あぶさんが帰ってきました。
カラーページの背景は青空と白い雲という演出が粋です。
今回は、夏の高校野球100回記念大会をテーマとしています。
●あらすじ
居酒屋大虎の近くである老人が倒れています。
その人は梅田北高校の俵監督。
この出会いをきっかけに、部員不足のため3校が連合で出場するチームのコーチを買って出たあぶさん。
あぶさんは、打撃に見込みのある江尻大介が気になります。
でも、本人が聞きにくるまでは教えない主義を貫きます。
そんなあぶさんを動かそうとボンがある秘策を……。
●気になるところの多いコクのある作品
連合チームをテーマに取り上げたのはよかったですね。
全校の校歌を歌うため3勝したいというのには、応援したくなりました。
「万にひとつ勝ったところでどこの校歌を歌うんや?」というセリフが、締めの伏線になっているところもよかったです。

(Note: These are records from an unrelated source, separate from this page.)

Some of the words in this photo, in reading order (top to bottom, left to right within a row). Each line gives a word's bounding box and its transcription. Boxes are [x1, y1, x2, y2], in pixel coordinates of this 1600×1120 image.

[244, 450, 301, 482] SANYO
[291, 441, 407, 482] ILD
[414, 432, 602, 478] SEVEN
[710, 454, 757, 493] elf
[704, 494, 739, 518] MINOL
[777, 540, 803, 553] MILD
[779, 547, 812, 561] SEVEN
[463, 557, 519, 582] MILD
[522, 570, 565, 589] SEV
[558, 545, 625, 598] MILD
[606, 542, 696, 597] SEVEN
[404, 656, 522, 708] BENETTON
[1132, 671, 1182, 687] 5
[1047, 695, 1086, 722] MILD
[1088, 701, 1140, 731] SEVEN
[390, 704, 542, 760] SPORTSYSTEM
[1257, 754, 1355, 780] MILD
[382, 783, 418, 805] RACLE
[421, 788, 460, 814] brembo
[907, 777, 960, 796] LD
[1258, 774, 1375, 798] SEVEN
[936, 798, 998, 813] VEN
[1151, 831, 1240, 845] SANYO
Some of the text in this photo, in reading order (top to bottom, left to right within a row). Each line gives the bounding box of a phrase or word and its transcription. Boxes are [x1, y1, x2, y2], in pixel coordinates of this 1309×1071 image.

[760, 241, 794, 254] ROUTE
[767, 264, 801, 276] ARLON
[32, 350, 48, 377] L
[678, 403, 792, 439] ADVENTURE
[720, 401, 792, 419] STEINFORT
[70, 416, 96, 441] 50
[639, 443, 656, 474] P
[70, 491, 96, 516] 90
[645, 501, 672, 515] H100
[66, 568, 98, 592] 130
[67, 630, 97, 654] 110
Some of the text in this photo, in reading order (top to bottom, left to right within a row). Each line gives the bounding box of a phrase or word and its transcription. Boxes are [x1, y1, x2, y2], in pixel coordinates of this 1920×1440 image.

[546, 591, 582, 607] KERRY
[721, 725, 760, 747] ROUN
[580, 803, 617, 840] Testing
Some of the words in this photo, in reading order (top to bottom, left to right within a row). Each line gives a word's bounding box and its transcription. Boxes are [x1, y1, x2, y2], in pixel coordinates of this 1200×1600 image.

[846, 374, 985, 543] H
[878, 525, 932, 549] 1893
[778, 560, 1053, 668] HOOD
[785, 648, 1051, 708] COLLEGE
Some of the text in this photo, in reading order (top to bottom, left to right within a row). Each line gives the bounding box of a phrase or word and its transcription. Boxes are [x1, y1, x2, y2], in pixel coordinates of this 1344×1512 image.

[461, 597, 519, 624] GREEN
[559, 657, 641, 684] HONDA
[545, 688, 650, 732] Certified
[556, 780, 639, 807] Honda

いろいろと気になるところがあったので、振り返ってみましょう。
最初は山田屋の孫、勇が中心に展開するかと思いましたが、そんなに目立ちませんでした。
キャラ的に派手さはない割に、6安打完封とはなかなかいいピッチングだったようです。
その山田屋は母校難波南高校の監督が女性に代わったことが気に入らなかったようです。
でも、その白石監督は別にやる気がなさそうなわけでもなく、むしろ試合当日はお化粧バッチリでノリノリでした。
地味に気になったのは柔道部員。
明訓高校にいた上下っぽい少年がいましたね。
柔道部といえば、ボンに向かって「おっさん」と呼んだ少年に対し、あぶさんは「おっさん」はないだろうと叱ります。
でも、ボンは俵監督を何度も「おっさん」呼ばわりしていました。
それに関してはあぶさんはおとがめなし。
あぶさん、ボンも叱ってやってください。
バックスクリーンを見ると、主審の名前が「栄村」になっていました。
顔を見る限り、『ドカベンドリームトーナメント編』に登場したあの栄村主審とは別人のようですが、関係気になります。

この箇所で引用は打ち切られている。